SUPPLIED INFORMATION section start

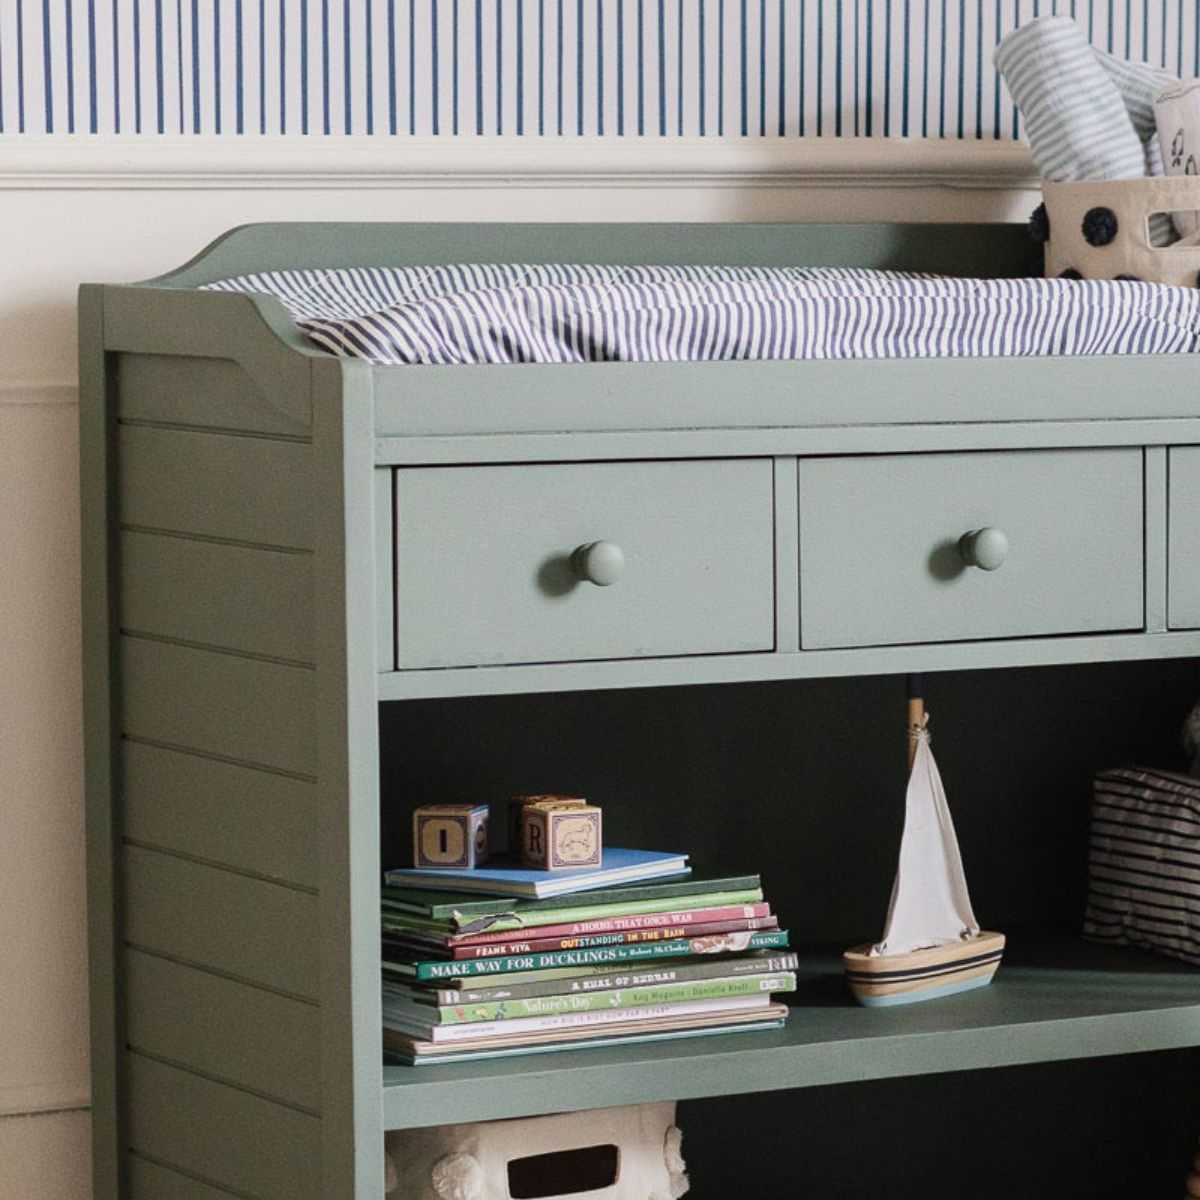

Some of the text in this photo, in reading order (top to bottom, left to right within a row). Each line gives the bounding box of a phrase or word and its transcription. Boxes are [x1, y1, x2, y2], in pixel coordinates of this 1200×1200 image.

[440, 829, 447, 853] I
[529, 824, 542, 854] R
[614, 919, 643, 929] THAT
[671, 913, 692, 923] WAS
[560, 929, 685, 948] OUTSTANDING IN THE RAIN
[751, 936, 779, 945] VIKING
[476, 943, 530, 957] FRANK VIVA
[431, 963, 470, 977] MAKE
[475, 960, 502, 973] WAY
[507, 958, 534, 969] FOR
[540, 949, 616, 966] DUCKLINGS
[572, 997, 593, 1009] Day
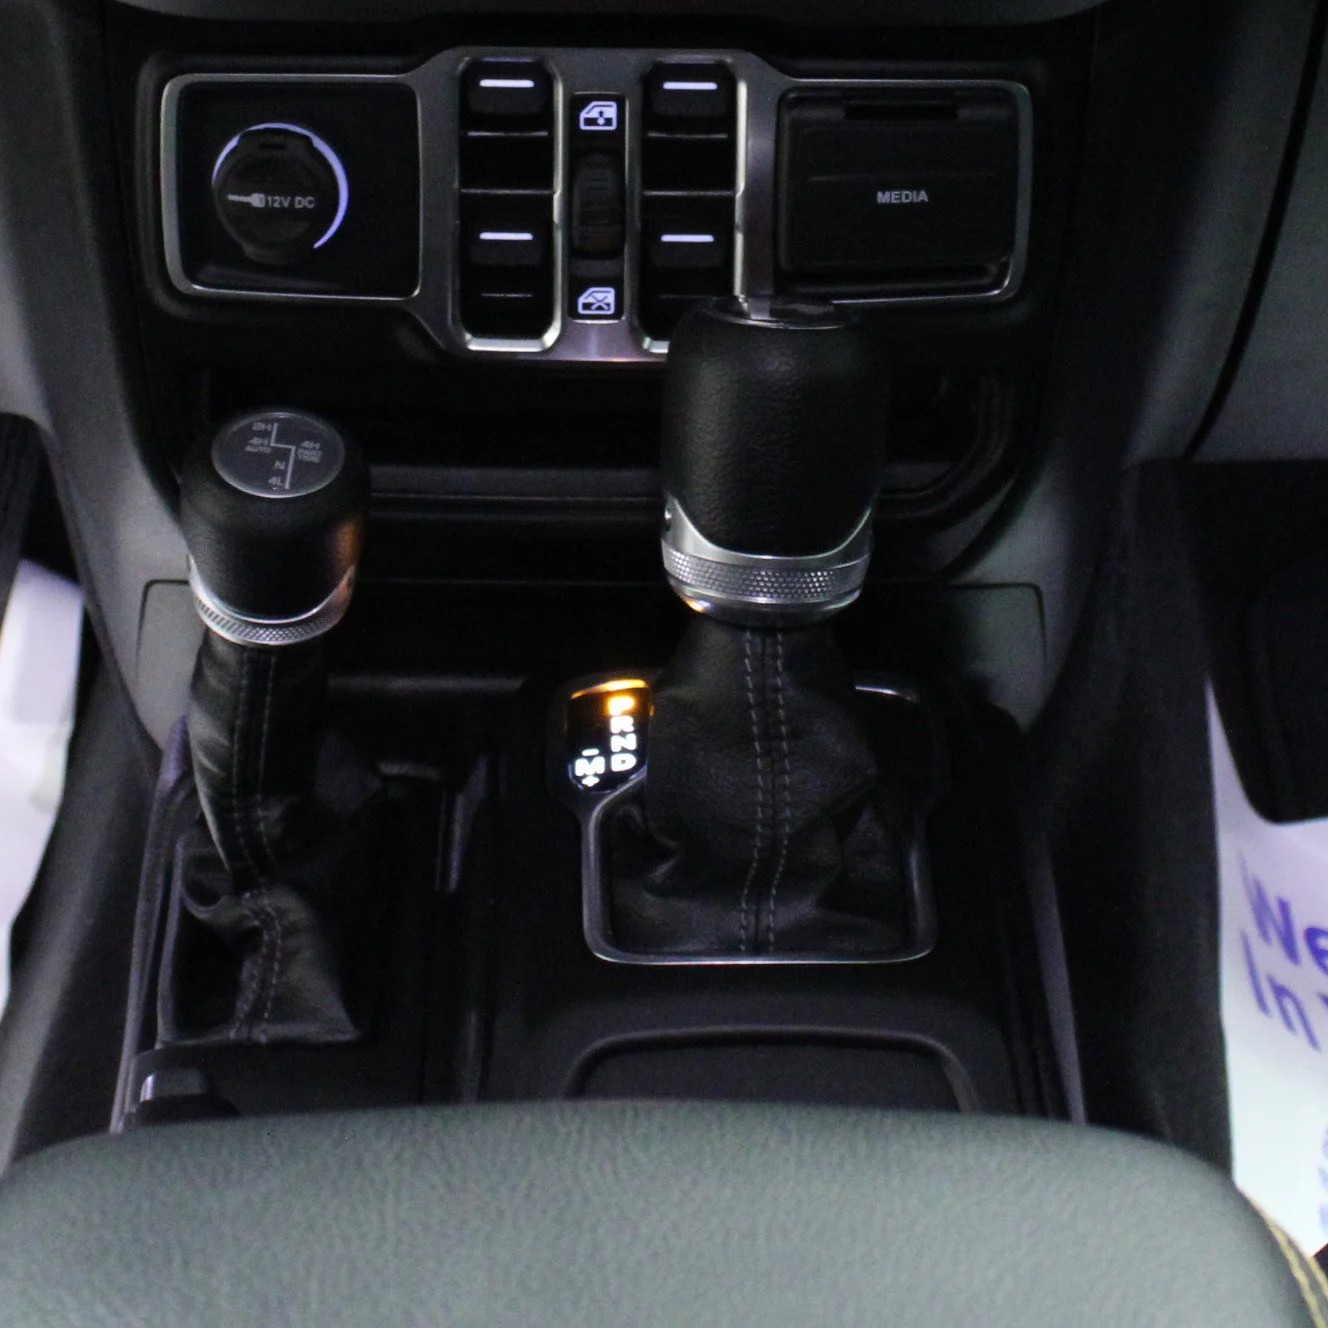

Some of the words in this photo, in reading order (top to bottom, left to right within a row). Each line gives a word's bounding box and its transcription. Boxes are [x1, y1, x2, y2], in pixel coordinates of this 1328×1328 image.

[266, 195, 291, 208] 12V
[294, 196, 316, 209] DC
[876, 190, 929, 204] MEDIA
[608, 696, 635, 716] P
[610, 733, 637, 752] N
[575, 756, 605, 776] M
[610, 753, 637, 772] D
[1240, 928, 1321, 1053] In
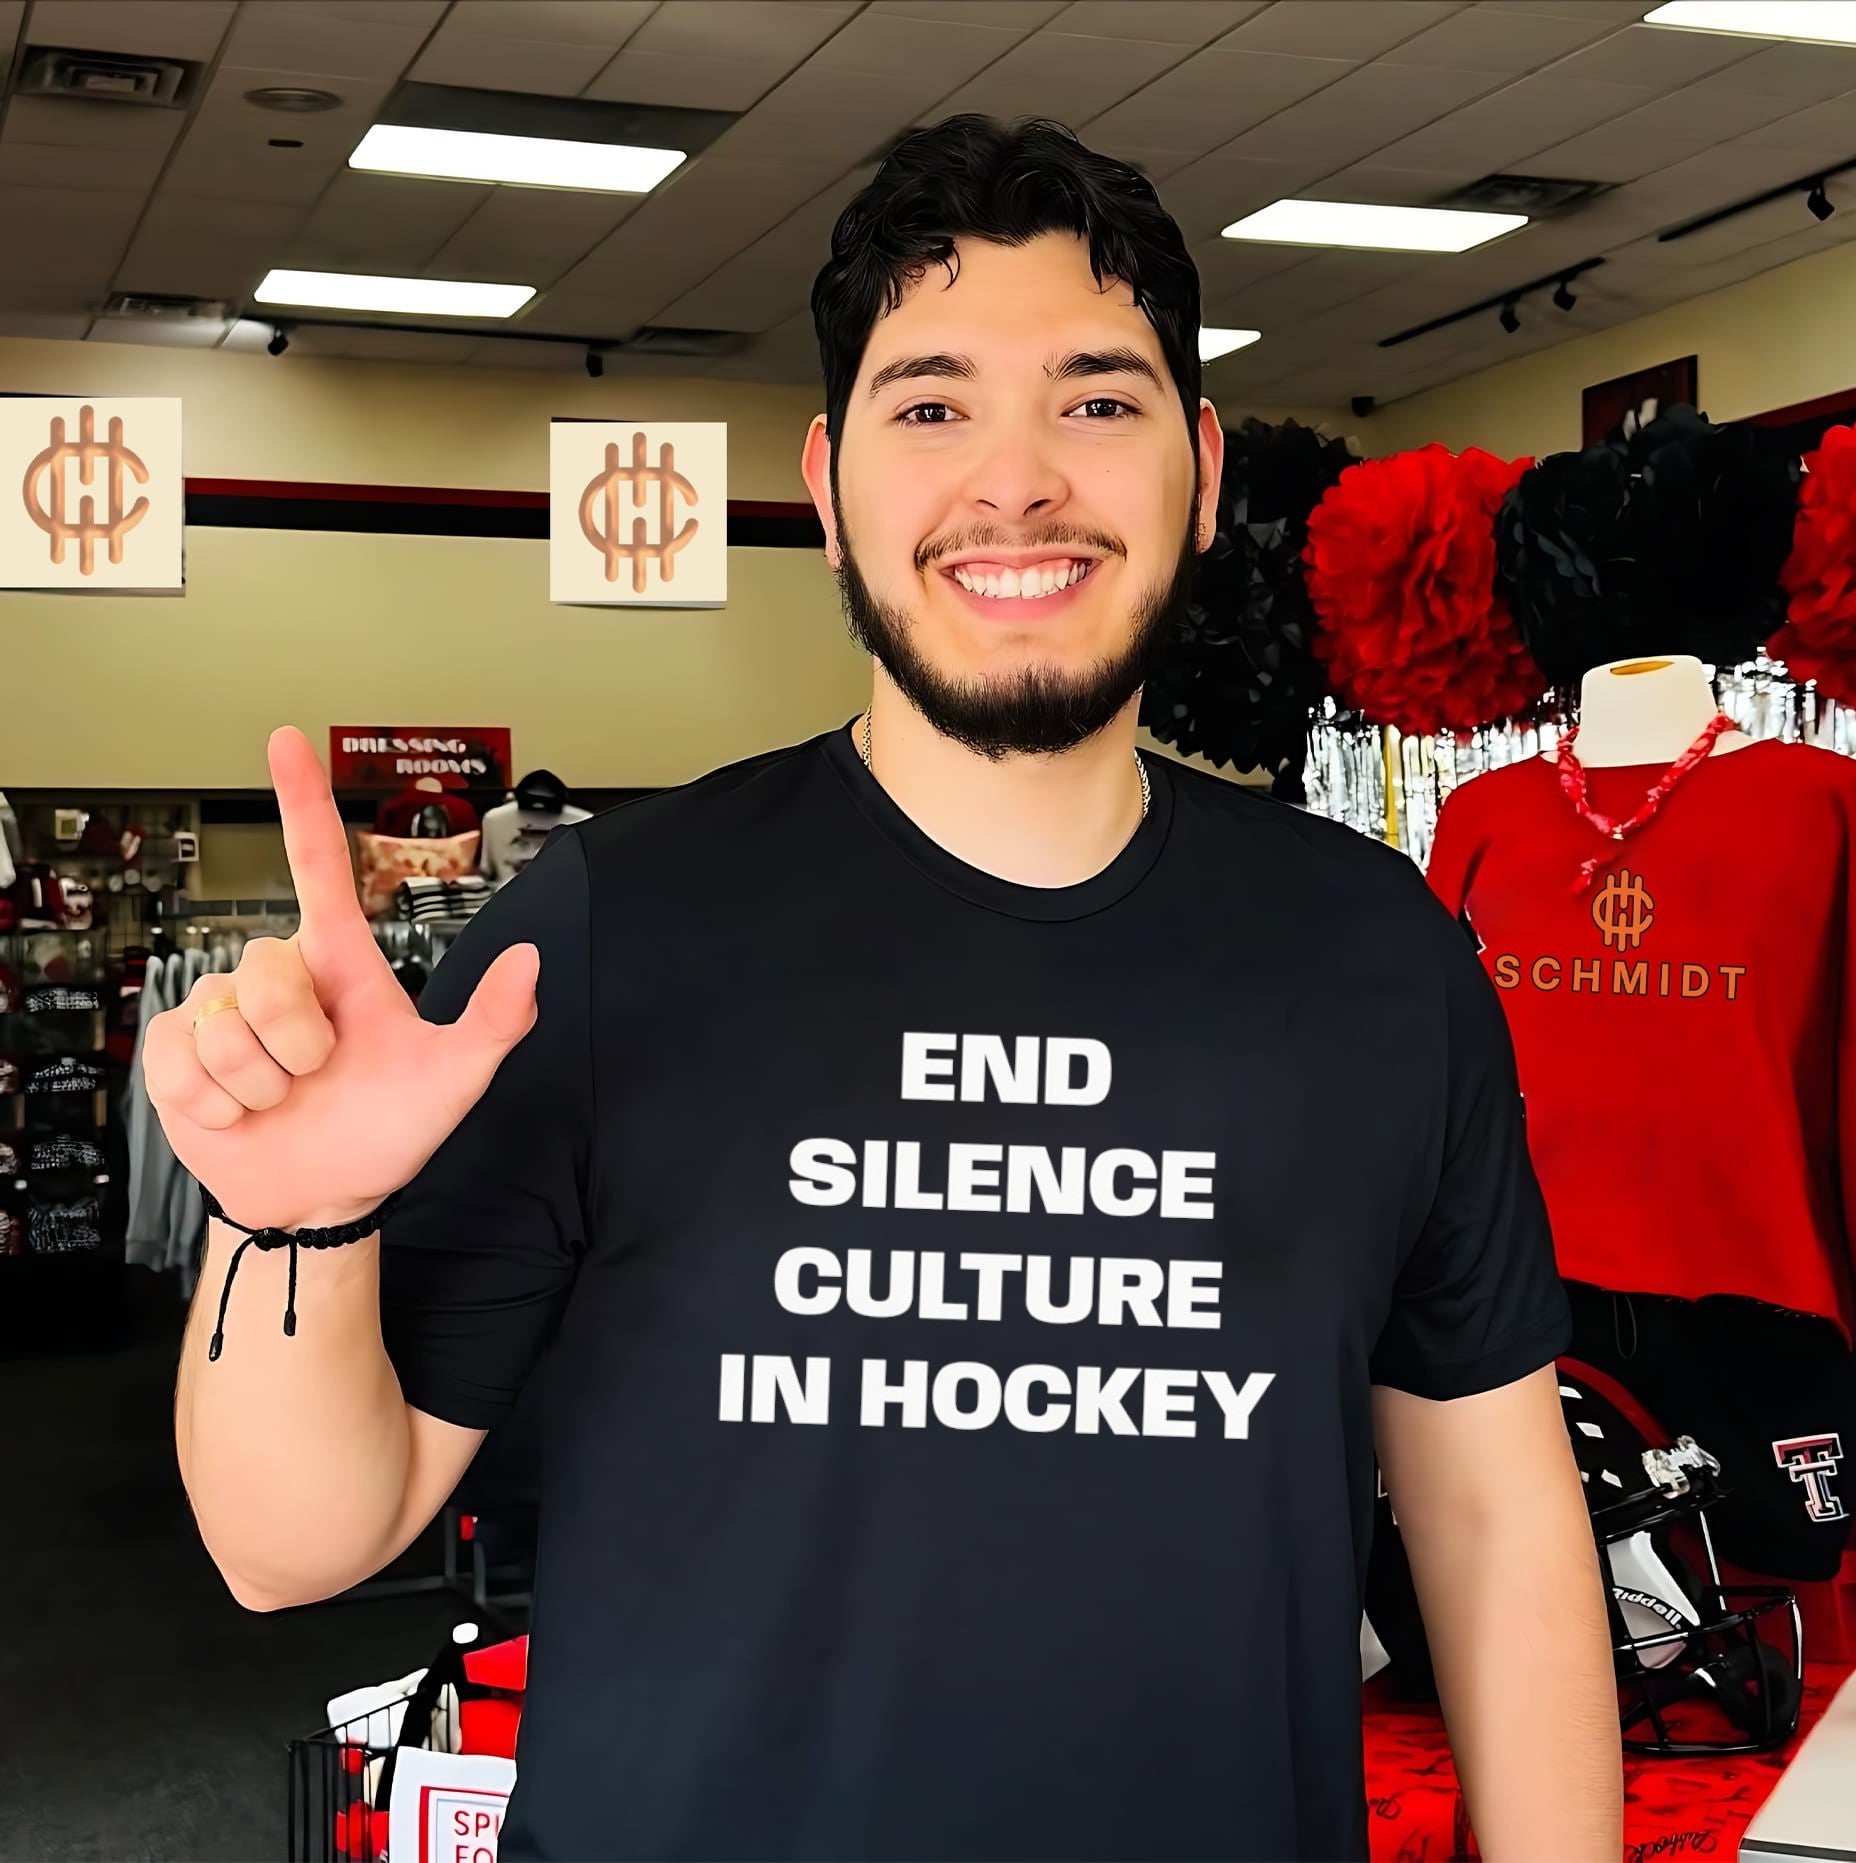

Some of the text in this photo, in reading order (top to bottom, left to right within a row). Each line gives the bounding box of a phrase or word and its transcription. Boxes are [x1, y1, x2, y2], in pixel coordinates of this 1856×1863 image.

[342, 737, 467, 754] DRESSING
[396, 758, 487, 775] ROOMS
[1494, 954, 1747, 1000] SCHMIDT
[901, 1031, 1113, 1106] END
[789, 1137, 1217, 1219] SILENCE
[774, 1246, 1223, 1329] CULTURE
[719, 1353, 1277, 1440] IN HOCKEY
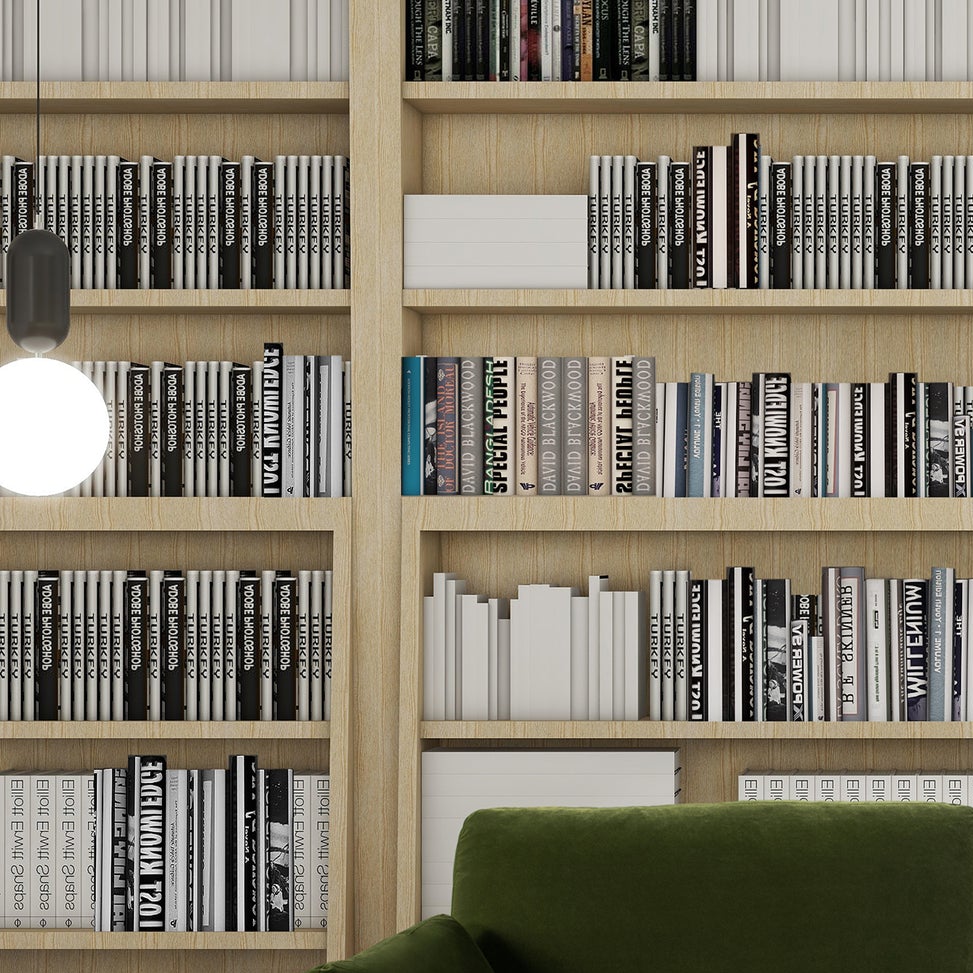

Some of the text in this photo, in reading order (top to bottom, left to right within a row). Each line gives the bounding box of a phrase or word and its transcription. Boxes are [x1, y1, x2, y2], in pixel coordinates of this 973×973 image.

[427, 26, 438, 59] CAPA
[634, 25, 645, 59] CAPA
[446, 422, 454, 470] DOCTOR
[461, 360, 476, 493] DAVID BLACKWOOD
[492, 360, 508, 494] SPECIAL PEOPLE
[542, 359, 556, 492] DAVID BLACKWOOD

SUPPLIED INFORMATION section end

**TASK INSTRUCTIONS**
Would you return the material exactly, images excluded?

**RESPONSE BELOW**
Some of the text in this photo, in reading order (top to bottom, left to right within a row). Each line gives the bounding box of a phrase or word and its transcription. Boxes are [x1, y1, x2, y2], in pixel coordinates of this 1200×1200 image.

[440, 829, 447, 853] I
[529, 824, 542, 854] R
[614, 919, 643, 929] THAT
[671, 913, 692, 923] WAS
[560, 929, 685, 948] OUTSTANDING IN THE RAIN
[751, 936, 779, 945] VIKING
[476, 943, 530, 957] FRANK VIVA
[431, 963, 470, 977] MAKE
[475, 960, 502, 973] WAY
[507, 958, 534, 969] FOR
[540, 949, 616, 966] DUCKLINGS
[572, 997, 593, 1009] Day

Some of the words in this photo, in reading order (top to bottom, left to right within a row). Each line gives a word's bounding box and its transcription. Boxes are [x1, y1, x2, y2], in pixel coordinates of this 1328×1328 image.

[266, 195, 291, 208] 12V
[294, 196, 316, 209] DC
[876, 190, 929, 204] MEDIA
[608, 696, 635, 716] P
[610, 733, 637, 752] N
[575, 756, 605, 776] M
[610, 753, 637, 772] D
[1240, 928, 1321, 1053] In

Some of the text in this photo, in reading order (top to bottom, left to right within a row). Each line gives the bounding box of a phrase or word and its transcription. Boxes are [x1, y1, x2, y2], in pixel coordinates of this 1856×1863 image.

[342, 737, 467, 754] DRESSING
[396, 758, 487, 775] ROOMS
[1494, 954, 1747, 1000] SCHMIDT
[901, 1031, 1113, 1106] END
[789, 1137, 1217, 1219] SILENCE
[774, 1246, 1223, 1329] CULTURE
[719, 1353, 1277, 1440] IN HOCKEY

Some of the text in this photo, in reading order (top to bottom, left to right within a row). Each line gives the bounding box of a phrase or word and its transcription. Boxes are [x1, y1, x2, y2], in pixel coordinates of this 973×973 image.

[427, 26, 438, 59] CAPA
[634, 25, 645, 59] CAPA
[446, 422, 454, 470] DOCTOR
[461, 360, 476, 493] DAVID BLACKWOOD
[492, 360, 508, 494] SPECIAL PEOPLE
[542, 359, 556, 492] DAVID BLACKWOOD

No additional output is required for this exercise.